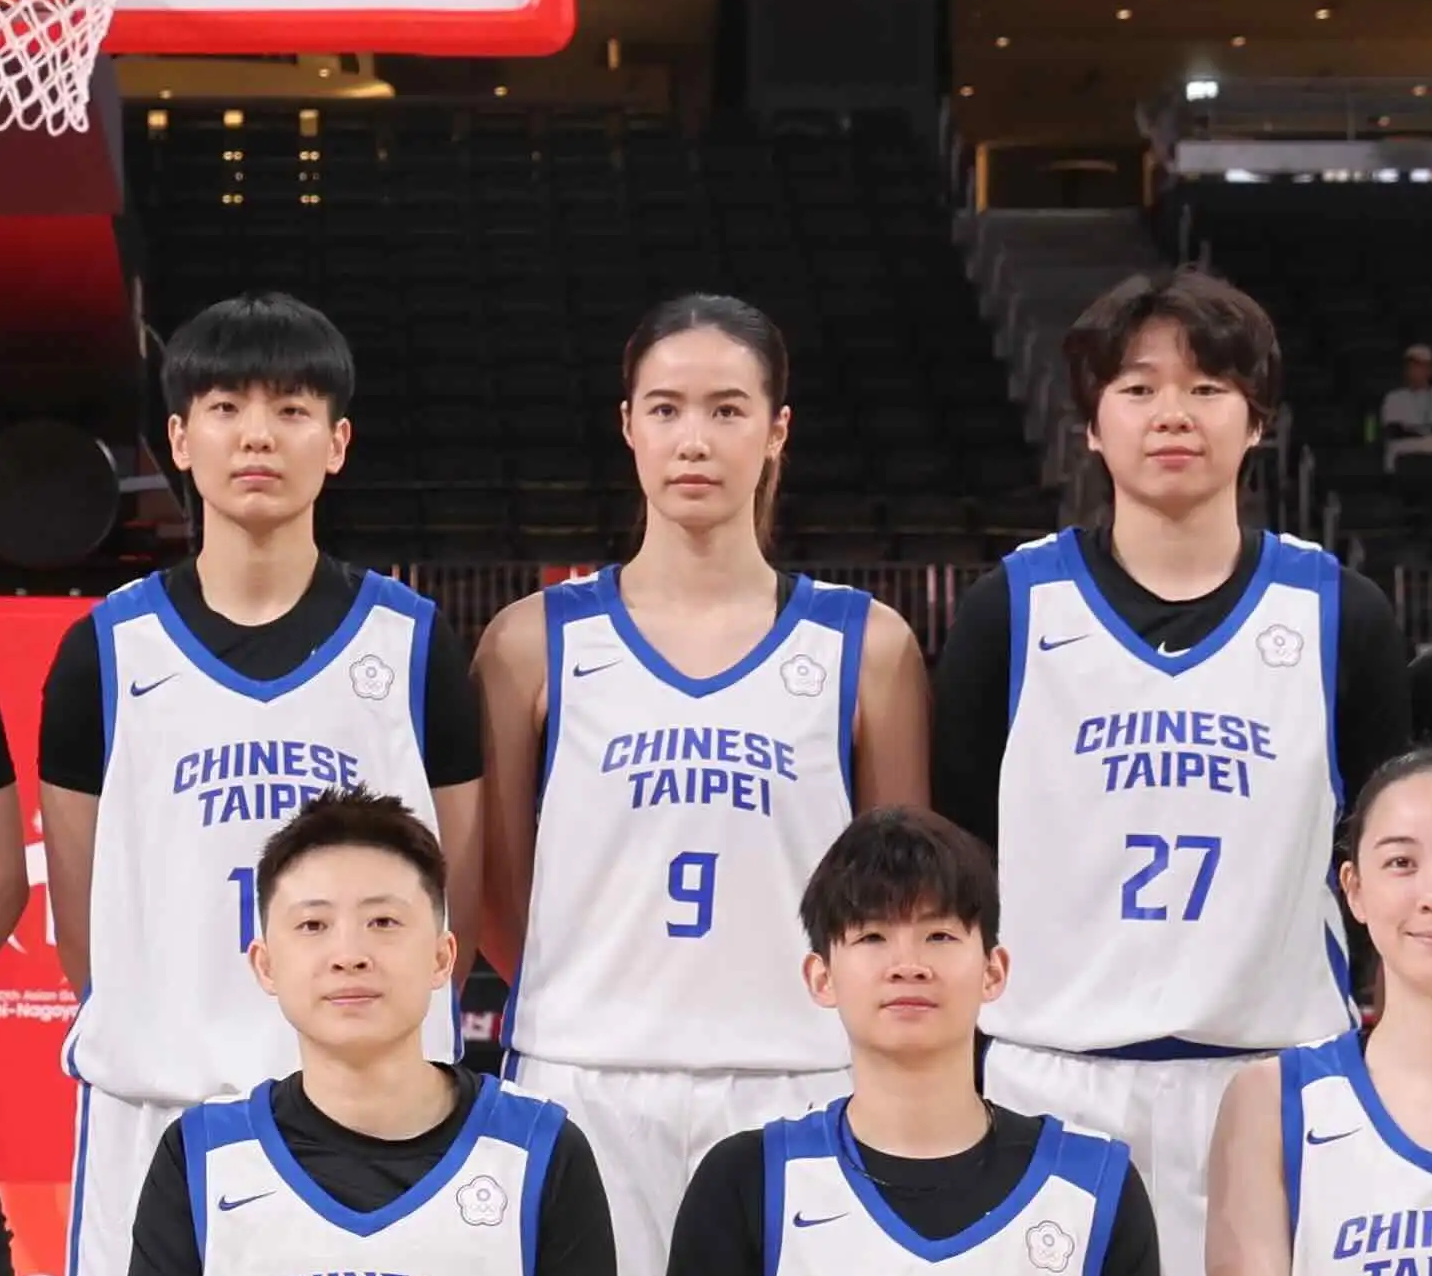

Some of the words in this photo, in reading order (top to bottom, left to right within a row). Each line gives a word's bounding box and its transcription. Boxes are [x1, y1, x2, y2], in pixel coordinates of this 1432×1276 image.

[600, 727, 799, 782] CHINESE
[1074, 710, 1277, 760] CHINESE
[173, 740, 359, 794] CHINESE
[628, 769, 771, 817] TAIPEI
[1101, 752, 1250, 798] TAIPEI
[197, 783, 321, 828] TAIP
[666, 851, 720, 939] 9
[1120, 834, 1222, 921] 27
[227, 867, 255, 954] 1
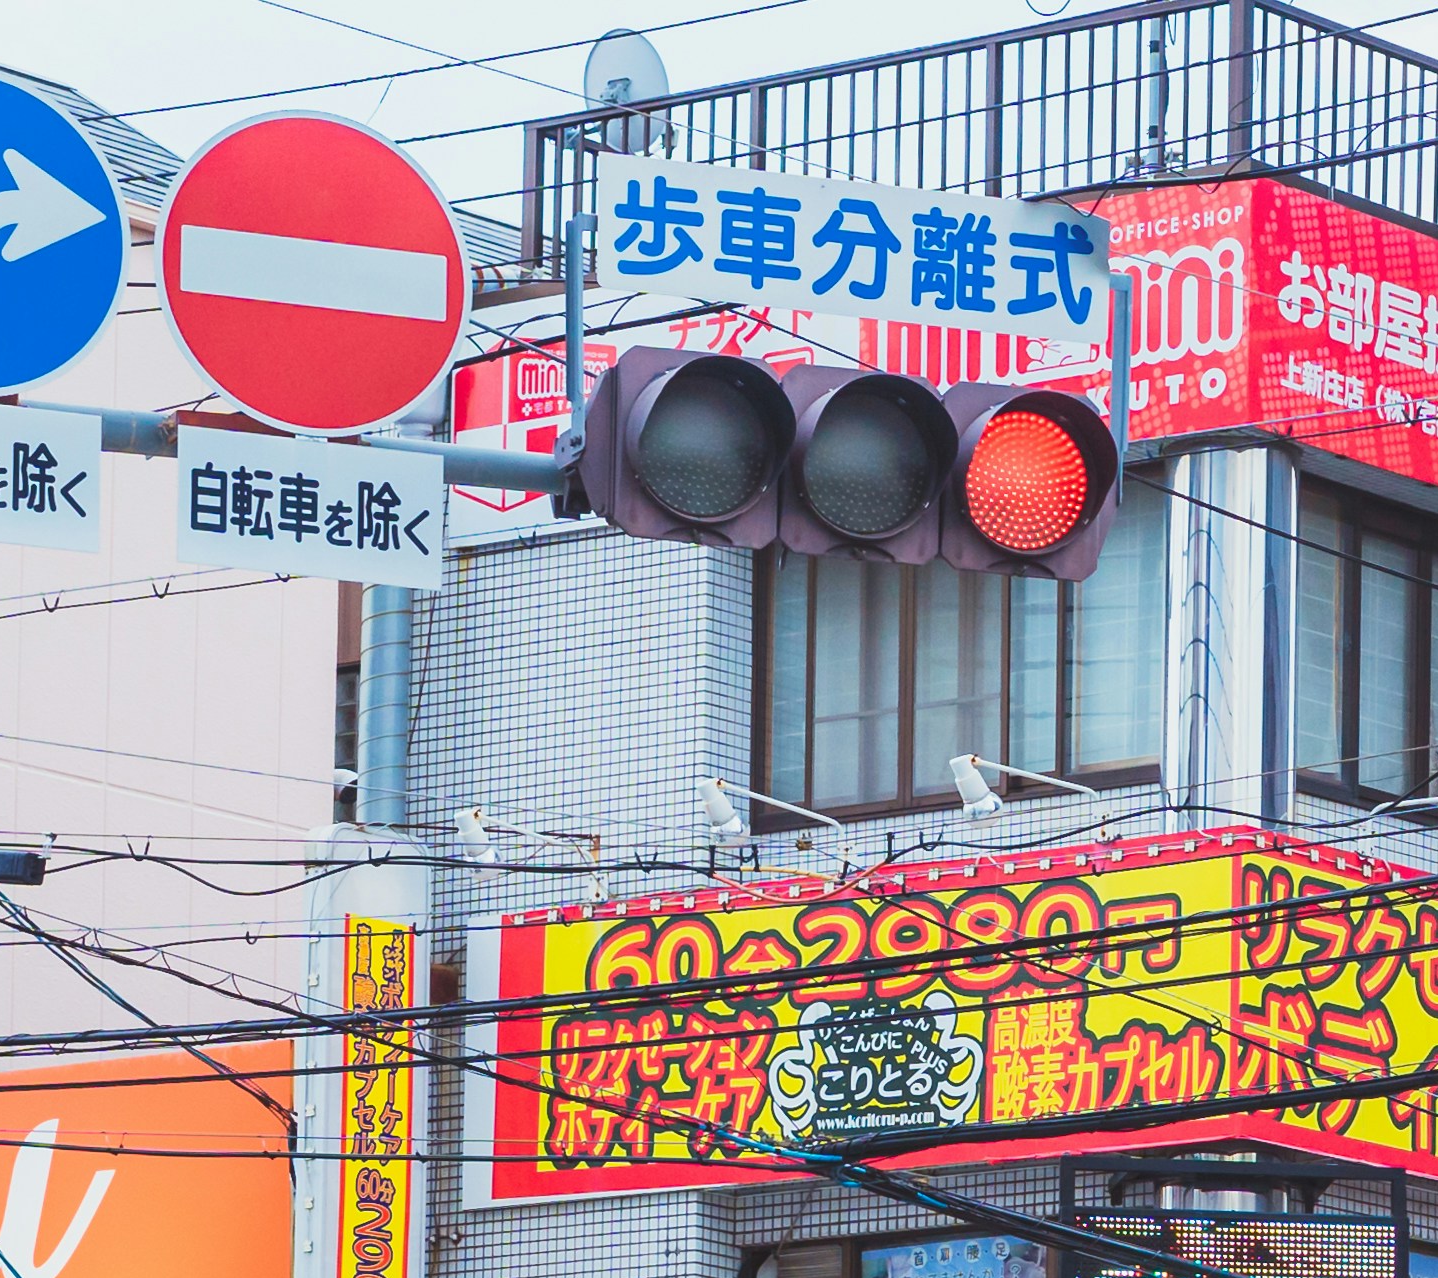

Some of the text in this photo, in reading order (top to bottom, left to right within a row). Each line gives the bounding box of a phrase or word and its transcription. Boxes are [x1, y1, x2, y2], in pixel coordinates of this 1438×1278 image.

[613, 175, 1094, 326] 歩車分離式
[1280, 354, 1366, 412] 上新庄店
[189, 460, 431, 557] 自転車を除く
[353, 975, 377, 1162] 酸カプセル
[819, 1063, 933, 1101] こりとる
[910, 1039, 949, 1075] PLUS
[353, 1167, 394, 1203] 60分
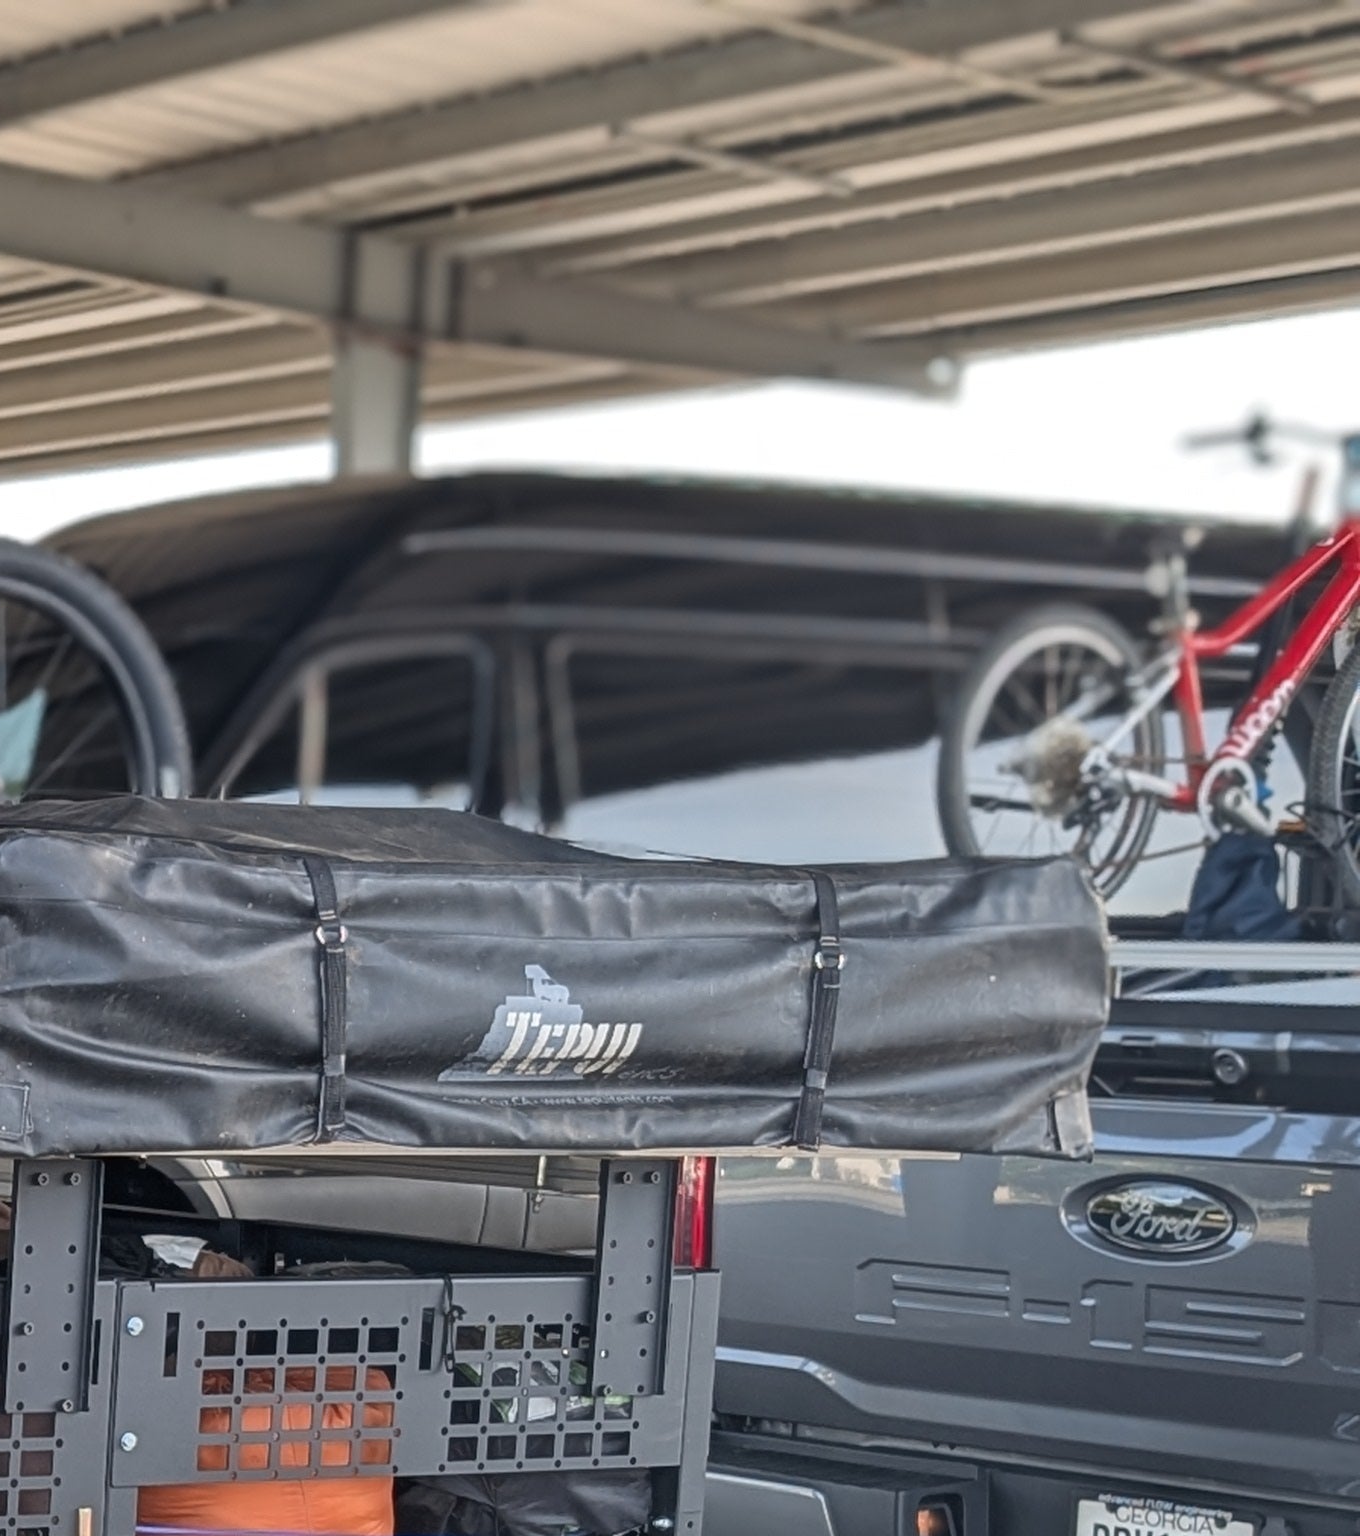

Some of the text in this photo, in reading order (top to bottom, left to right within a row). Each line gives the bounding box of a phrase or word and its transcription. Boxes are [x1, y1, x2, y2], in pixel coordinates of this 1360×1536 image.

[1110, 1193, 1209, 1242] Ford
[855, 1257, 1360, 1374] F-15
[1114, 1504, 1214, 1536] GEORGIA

::::

What is needed
All of the records above are to be printed exactly, with every picture omitted.

Response
Some of the words in this photo, in reading order (top to bottom, left to right within a row). Each line gives a word's bounding box and its transcription. Boxes are [x1, y1, x2, y2], in pixel coordinates of this 1432×1276 image.

[600, 727, 799, 782] CHINESE
[1074, 710, 1277, 760] CHINESE
[173, 740, 359, 794] CHINESE
[628, 769, 771, 817] TAIPEI
[1101, 752, 1250, 798] TAIPEI
[197, 783, 321, 828] TAIP
[666, 851, 720, 939] 9
[1120, 834, 1222, 921] 27
[227, 867, 255, 954] 1

Some of the text in this photo, in reading order (top to bottom, left to right within a row). Each line gives the bounding box of a phrase or word and its transcription. Boxes are [x1, y1, x2, y2], in pixel coordinates of this 1438×1278 image.

[613, 175, 1094, 326] 歩車分離式
[1280, 354, 1366, 412] 上新庄店
[189, 460, 431, 557] 自転車を除く
[353, 975, 377, 1162] 酸カプセル
[819, 1063, 933, 1101] こりとる
[910, 1039, 949, 1075] PLUS
[353, 1167, 394, 1203] 60分

Some of the text in this photo, in reading order (top to bottom, left to right within a row). Each line gives the bounding box of a phrase or word and its transcription. Boxes are [x1, y1, x2, y2], in pixel coordinates of this 1360×1536 image.

[1110, 1193, 1209, 1242] Ford
[855, 1257, 1360, 1374] F-15
[1114, 1504, 1214, 1536] GEORGIA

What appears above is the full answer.